**Given data:**
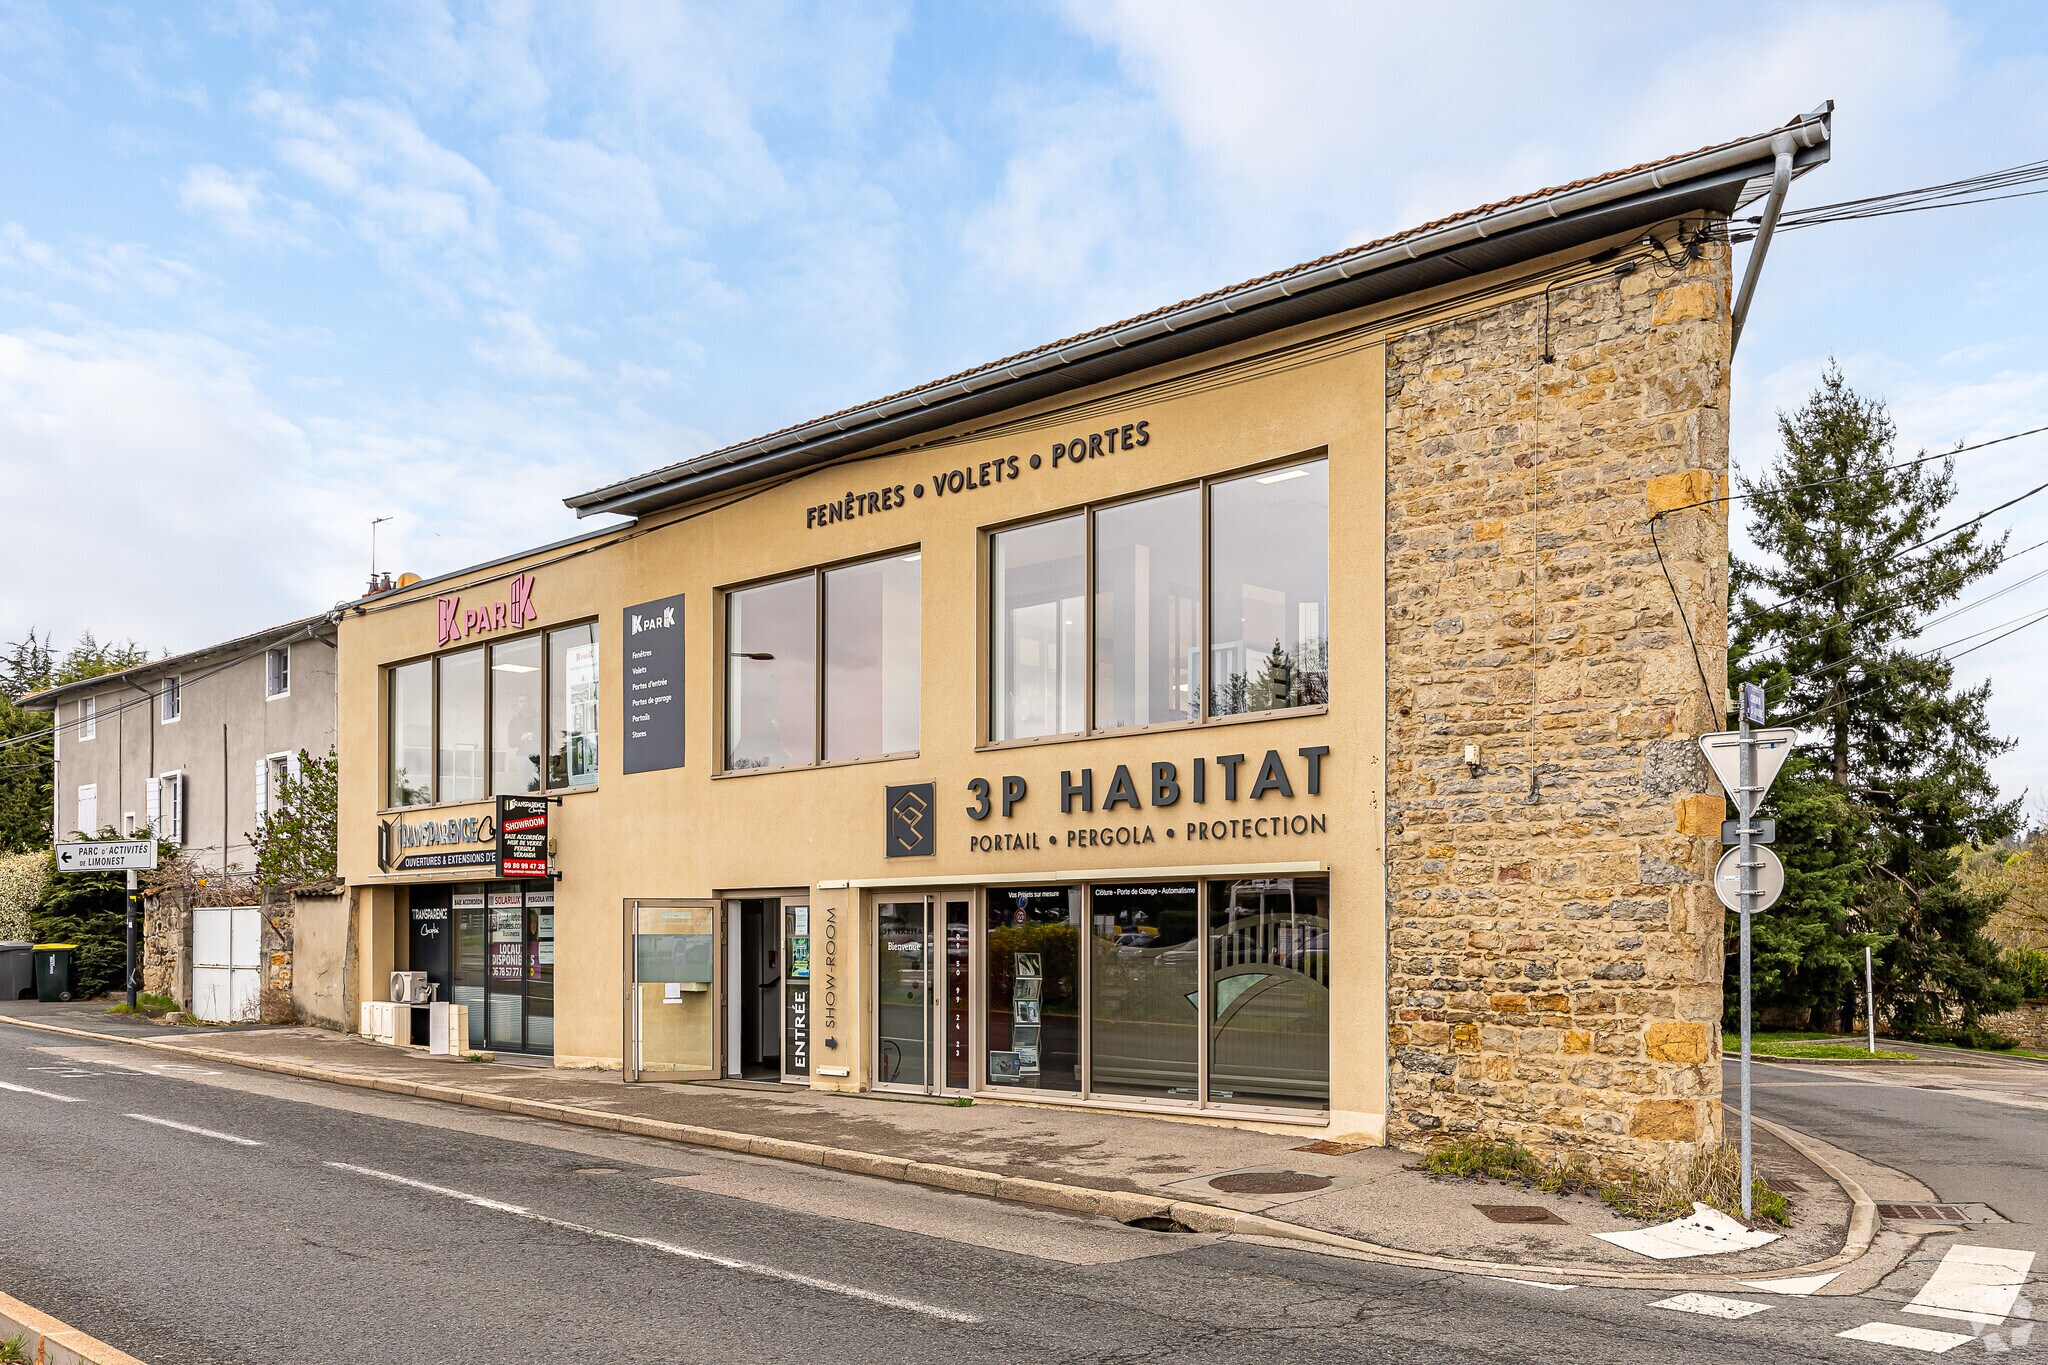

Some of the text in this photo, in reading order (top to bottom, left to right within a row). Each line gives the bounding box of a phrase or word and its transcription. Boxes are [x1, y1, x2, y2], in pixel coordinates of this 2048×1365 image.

[806, 420, 1149, 529] FENÊTRES VOLETS PORTES
[632, 650, 652, 659] Fenêtres
[632, 667, 647, 675] Volets
[632, 678, 668, 691] Portes d'entrée
[632, 699, 647, 707] Portes
[654, 694, 672, 705] garage
[632, 713, 651, 722] Portails
[632, 730, 647, 738] Stores
[966, 745, 1330, 821] 3P HABITAT
[505, 817, 545, 831] SHOWROOM
[397, 817, 478, 848] TRANSPARENCE
[970, 813, 1327, 852] PORTAIL PERGOLA PROTECTION
[78, 847, 99, 856] PARC
[88, 856, 126, 866] LIMONEST
[405, 856, 441, 867] OUVERTURES
[442, 855, 447, 865] &
[447, 853, 485, 865] EXTENSIONS
[1017, 891, 1033, 899] Projets
[1138, 887, 1158, 896] Garage
[887, 942, 922, 951] Bienvenue
[825, 907, 836, 1029] SHOW-ROOM
[792, 991, 806, 1068] ENTRÉE
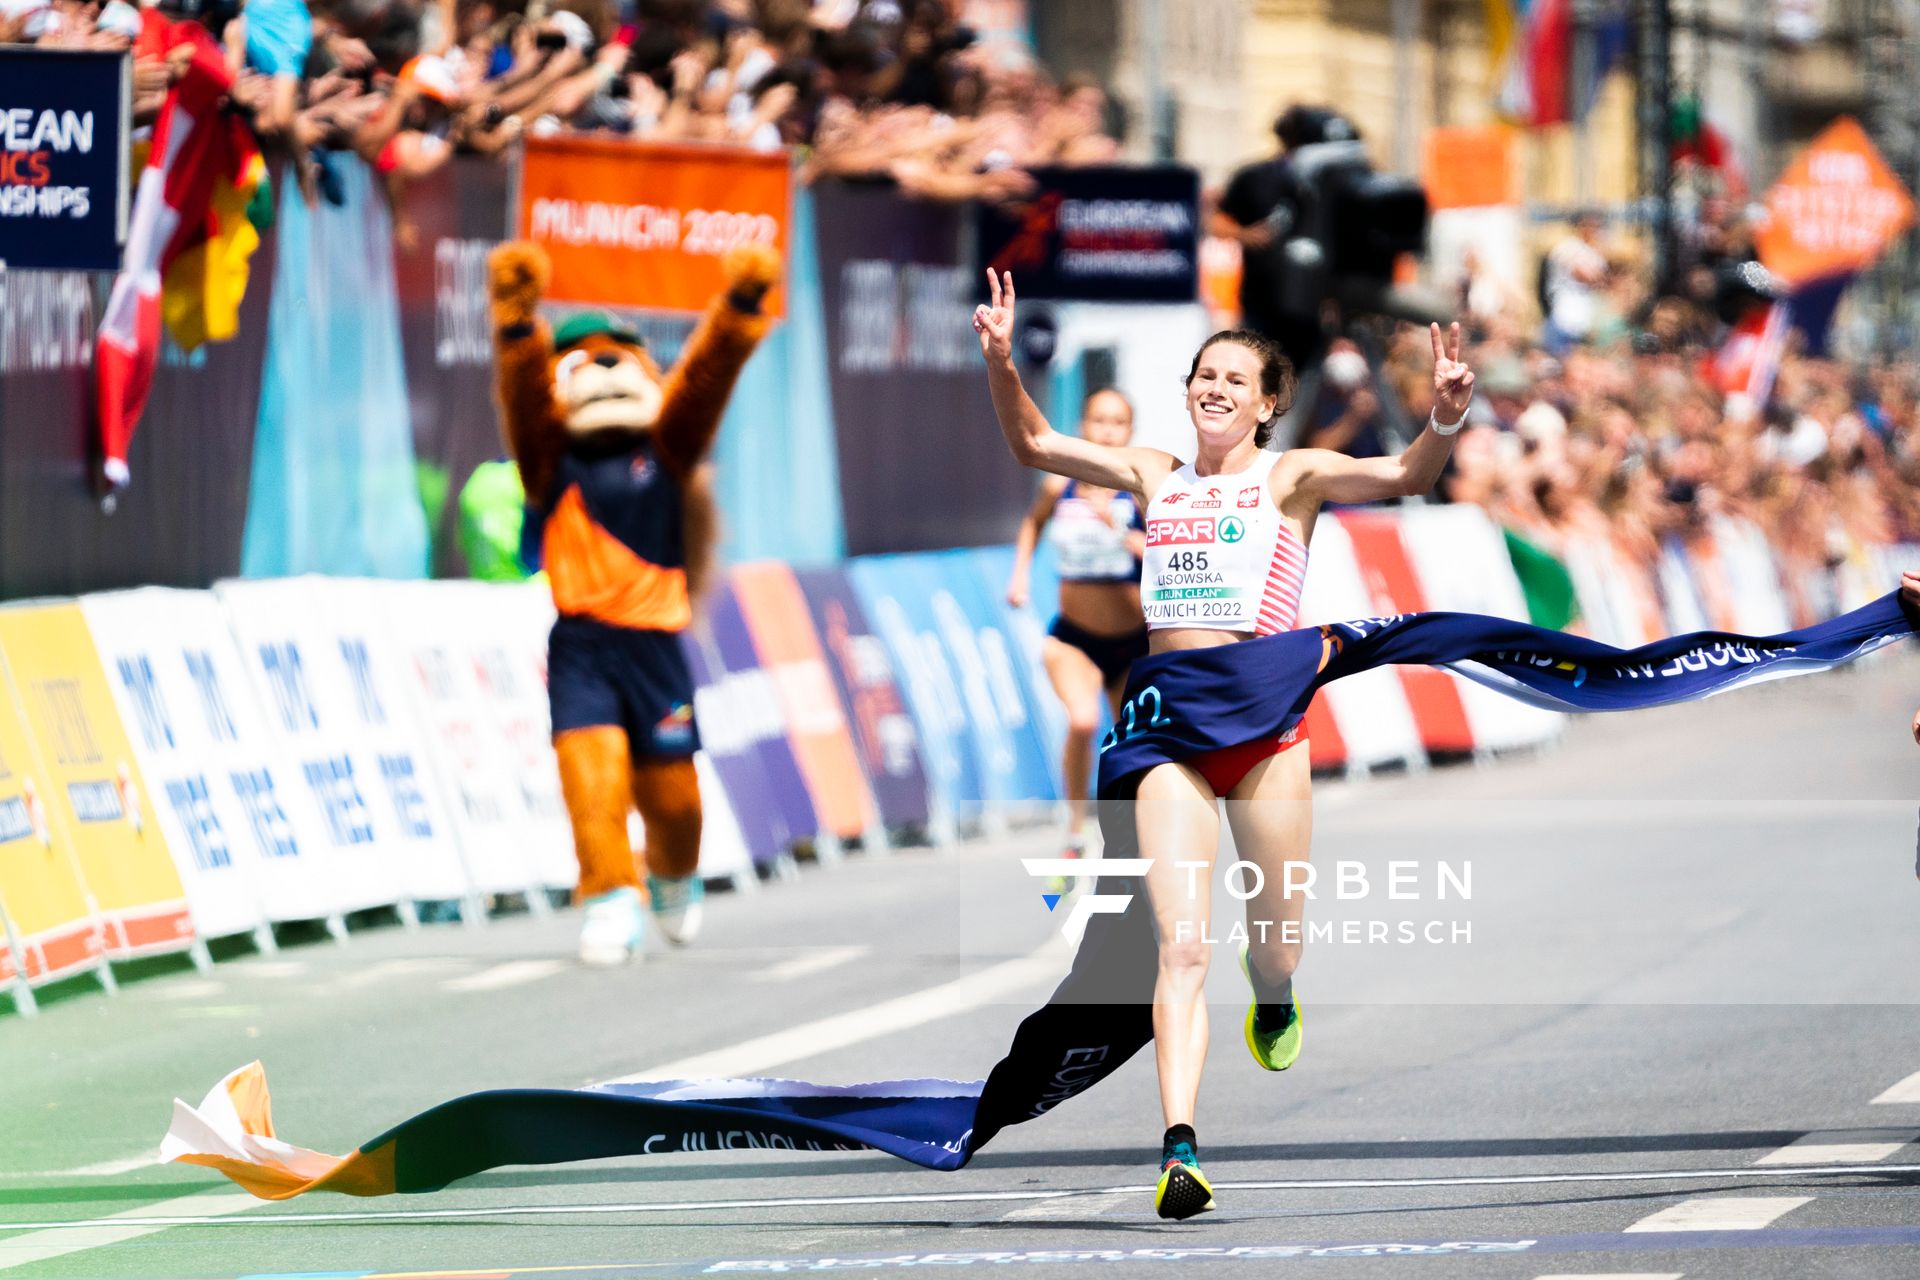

**Exercise details:** Send back the entries above exactly. Skip the images.

**Task output:**
Some of the text in this photo, in reading order (top to bottom, left to right within a row). Each line gives the bounding box of a phrase or word and its transcription. Boxes are [x1, y1, x2, y2], in pixel coordinates of this 2048×1365 image.

[806, 420, 1149, 529] FENÊTRES VOLETS PORTES
[632, 650, 652, 659] Fenêtres
[632, 667, 647, 675] Volets
[632, 678, 668, 691] Portes d'entrée
[632, 699, 647, 707] Portes
[654, 694, 672, 705] garage
[632, 713, 651, 722] Portails
[632, 730, 647, 738] Stores
[966, 745, 1330, 821] 3P HABITAT
[505, 817, 545, 831] SHOWROOM
[397, 817, 478, 848] TRANSPARENCE
[970, 813, 1327, 852] PORTAIL PERGOLA PROTECTION
[78, 847, 99, 856] PARC
[88, 856, 126, 866] LIMONEST
[405, 856, 441, 867] OUVERTURES
[442, 855, 447, 865] &
[447, 853, 485, 865] EXTENSIONS
[1017, 891, 1033, 899] Projets
[1138, 887, 1158, 896] Garage
[887, 942, 922, 951] Bienvenue
[825, 907, 836, 1029] SHOW-ROOM
[792, 991, 806, 1068] ENTRÉE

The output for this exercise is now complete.